Text-to-region grounding data:
◆ ◆ ◆
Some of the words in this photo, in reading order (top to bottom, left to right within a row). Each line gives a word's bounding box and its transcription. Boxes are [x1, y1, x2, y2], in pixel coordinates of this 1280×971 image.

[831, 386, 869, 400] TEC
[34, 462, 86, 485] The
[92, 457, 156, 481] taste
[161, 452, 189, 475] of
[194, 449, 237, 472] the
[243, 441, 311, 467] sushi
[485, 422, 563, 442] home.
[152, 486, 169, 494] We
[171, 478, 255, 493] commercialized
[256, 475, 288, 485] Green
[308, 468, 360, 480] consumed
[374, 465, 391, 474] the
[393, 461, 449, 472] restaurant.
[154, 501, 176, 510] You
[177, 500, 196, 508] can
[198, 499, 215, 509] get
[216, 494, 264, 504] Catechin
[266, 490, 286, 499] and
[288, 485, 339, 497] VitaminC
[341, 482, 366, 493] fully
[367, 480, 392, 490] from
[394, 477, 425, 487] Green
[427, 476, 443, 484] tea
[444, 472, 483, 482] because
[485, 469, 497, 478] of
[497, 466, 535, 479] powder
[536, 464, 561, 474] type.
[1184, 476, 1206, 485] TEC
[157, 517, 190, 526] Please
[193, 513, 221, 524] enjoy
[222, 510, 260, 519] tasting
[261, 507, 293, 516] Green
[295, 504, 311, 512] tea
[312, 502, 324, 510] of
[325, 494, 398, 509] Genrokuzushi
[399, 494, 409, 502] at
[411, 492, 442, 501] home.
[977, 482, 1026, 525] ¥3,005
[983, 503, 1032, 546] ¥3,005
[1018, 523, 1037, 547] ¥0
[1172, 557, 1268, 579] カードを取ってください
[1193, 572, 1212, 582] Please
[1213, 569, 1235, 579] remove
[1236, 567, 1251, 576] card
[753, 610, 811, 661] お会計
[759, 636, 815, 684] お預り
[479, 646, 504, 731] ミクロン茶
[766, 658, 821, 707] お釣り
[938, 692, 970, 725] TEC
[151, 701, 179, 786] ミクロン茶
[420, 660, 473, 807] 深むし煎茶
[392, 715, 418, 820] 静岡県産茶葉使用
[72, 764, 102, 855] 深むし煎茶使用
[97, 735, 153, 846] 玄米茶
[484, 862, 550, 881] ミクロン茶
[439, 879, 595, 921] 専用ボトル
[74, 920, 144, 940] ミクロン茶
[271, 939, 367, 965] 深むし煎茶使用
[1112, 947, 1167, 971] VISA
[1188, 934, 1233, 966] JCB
◆ ◆ ◆
▶ [TO DO] Every entry above should be retyped exactly as shown.

▶ [ANSWER BOX]
Some of the words in this photo, in reading order (top to bottom, left to right within a row). Each line gives a word's bounding box and its transcription. Boxes are [x1, y1, x2, y2], in pixel coordinates of this 1280×971 image.

[831, 386, 869, 400] TEC
[34, 462, 86, 485] The
[92, 457, 156, 481] taste
[161, 452, 189, 475] of
[194, 449, 237, 472] the
[243, 441, 311, 467] sushi
[485, 422, 563, 442] home.
[152, 486, 169, 494] We
[171, 478, 255, 493] commercialized
[256, 475, 288, 485] Green
[308, 468, 360, 480] consumed
[374, 465, 391, 474] the
[393, 461, 449, 472] restaurant.
[154, 501, 176, 510] You
[177, 500, 196, 508] can
[198, 499, 215, 509] get
[216, 494, 264, 504] Catechin
[266, 490, 286, 499] and
[288, 485, 339, 497] VitaminC
[341, 482, 366, 493] fully
[367, 480, 392, 490] from
[394, 477, 425, 487] Green
[427, 476, 443, 484] tea
[444, 472, 483, 482] because
[485, 469, 497, 478] of
[497, 466, 535, 479] powder
[536, 464, 561, 474] type.
[1184, 476, 1206, 485] TEC
[157, 517, 190, 526] Please
[193, 513, 221, 524] enjoy
[222, 510, 260, 519] tasting
[261, 507, 293, 516] Green
[295, 504, 311, 512] tea
[312, 502, 324, 510] of
[325, 494, 398, 509] Genrokuzushi
[399, 494, 409, 502] at
[411, 492, 442, 501] home.
[977, 482, 1026, 525] ¥3,005
[983, 503, 1032, 546] ¥3,005
[1018, 523, 1037, 547] ¥0
[1172, 557, 1268, 579] カードを取ってください
[1193, 572, 1212, 582] Please
[1213, 569, 1235, 579] remove
[1236, 567, 1251, 576] card
[753, 610, 811, 661] お会計
[759, 636, 815, 684] お預り
[479, 646, 504, 731] ミクロン茶
[766, 658, 821, 707] お釣り
[938, 692, 970, 725] TEC
[151, 701, 179, 786] ミクロン茶
[420, 660, 473, 807] 深むし煎茶
[392, 715, 418, 820] 静岡県産茶葉使用
[72, 764, 102, 855] 深むし煎茶使用
[97, 735, 153, 846] 玄米茶
[484, 862, 550, 881] ミクロン茶
[439, 879, 595, 921] 専用ボトル
[74, 920, 144, 940] ミクロン茶
[271, 939, 367, 965] 深むし煎茶使用
[1112, 947, 1167, 971] VISA
[1188, 934, 1233, 966] JCB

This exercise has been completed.